Design Thinking for Data Science



Co-Chairs:Sang Suh, Radmila Juric

Abstract:
Design thinking has been around since 2008 but did not become the main development practice in software development and design. The specificity of software development, underpinned with computer science, with constantly changeable software and communication technologies, requires models of software abstractions and architectures in order to deploy them with suitable software technologies. Thus, it would require revisiting and more thinking on how exactly Empathize, Define, Ideate, Prototype and Test form design thinking would accommodate current practices of software development.
Data science has exhibited a sharp rise, which started less than a decade ago. However, it has not materialized as a discipline with its principles, roles, and paradigms. The fast rise of data science has become its curse. Apart from having numerous, elaborative, powerful algorithms which can process an enormous amount of data in no time, we do not find anything else in data science. We create predictive inference of variable accuracy, sometimes with biased models and results, and often unexplainable in terms of their computational values. We do not wish to undermine the data science ability to process an excessive amount of data and get “some meaning from it”, but we should be aware that predictive inference has limitation’s and, as statisticians used to say “could become dangerous instruments in wrong hands”. If we add to this the fact that predictive inference, with learning technologies, define what is known today as Artificial Intelligence, then the current practices of creating software solution based on AI must be investigated further. Could design thinking help in finding out where we stand with AI? Could it eliminate data science and predictive inference shortcomings.
In this workshop we look at the relationship between design thinking and data science form different views and debate possibilities of either merging or complementing them.
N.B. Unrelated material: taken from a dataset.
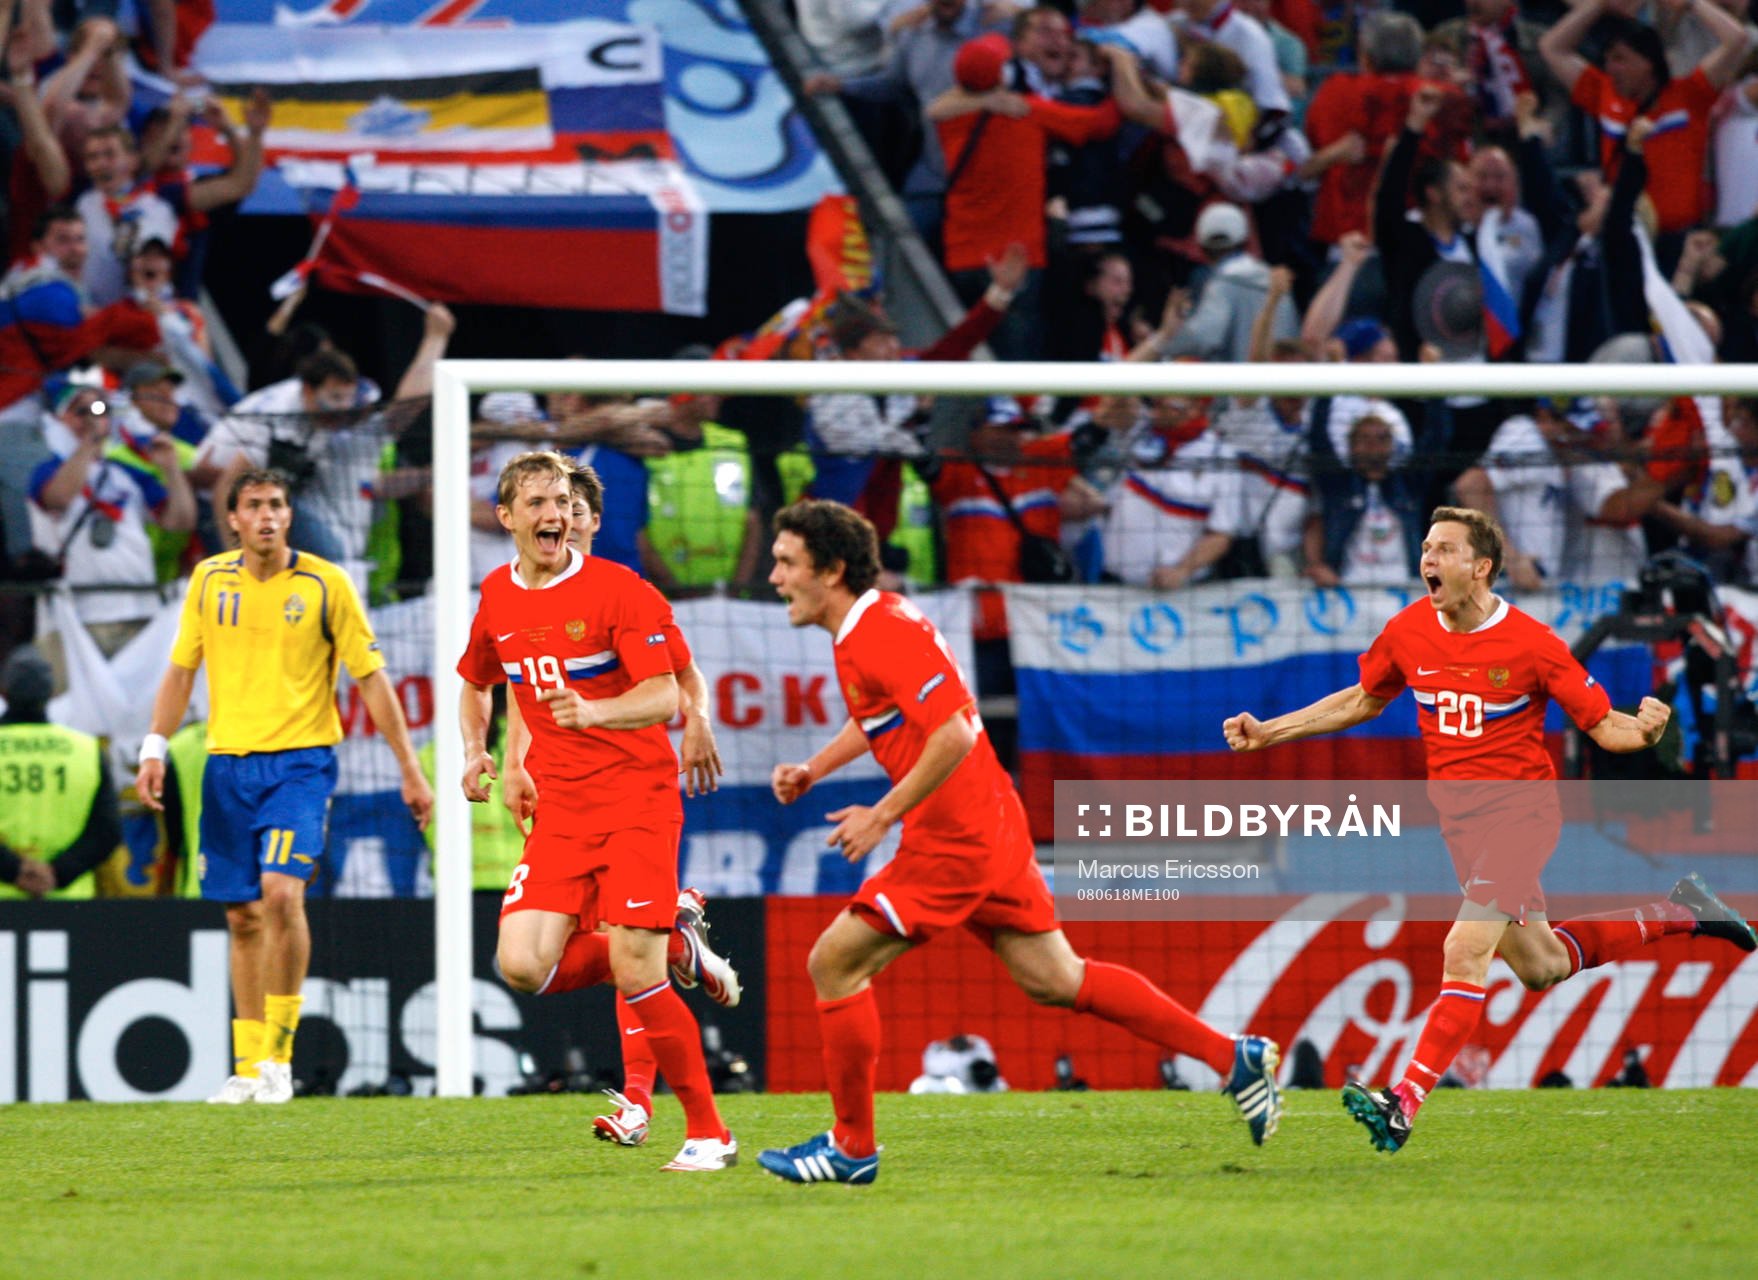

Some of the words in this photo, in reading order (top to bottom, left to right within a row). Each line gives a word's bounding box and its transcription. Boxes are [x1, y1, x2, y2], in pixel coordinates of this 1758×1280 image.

It is difficult to predict where data science will take us in near future, because we started seeing resistance towards underpinning business decision on predictions only and would prefer help form logic inference. On the other side, how do we promote design thinking in this dynamic field of computing where everything is changeable, moveable, wireless, automated, human augmented with machine and vice versa (to mention just a few characteristics of modern computing).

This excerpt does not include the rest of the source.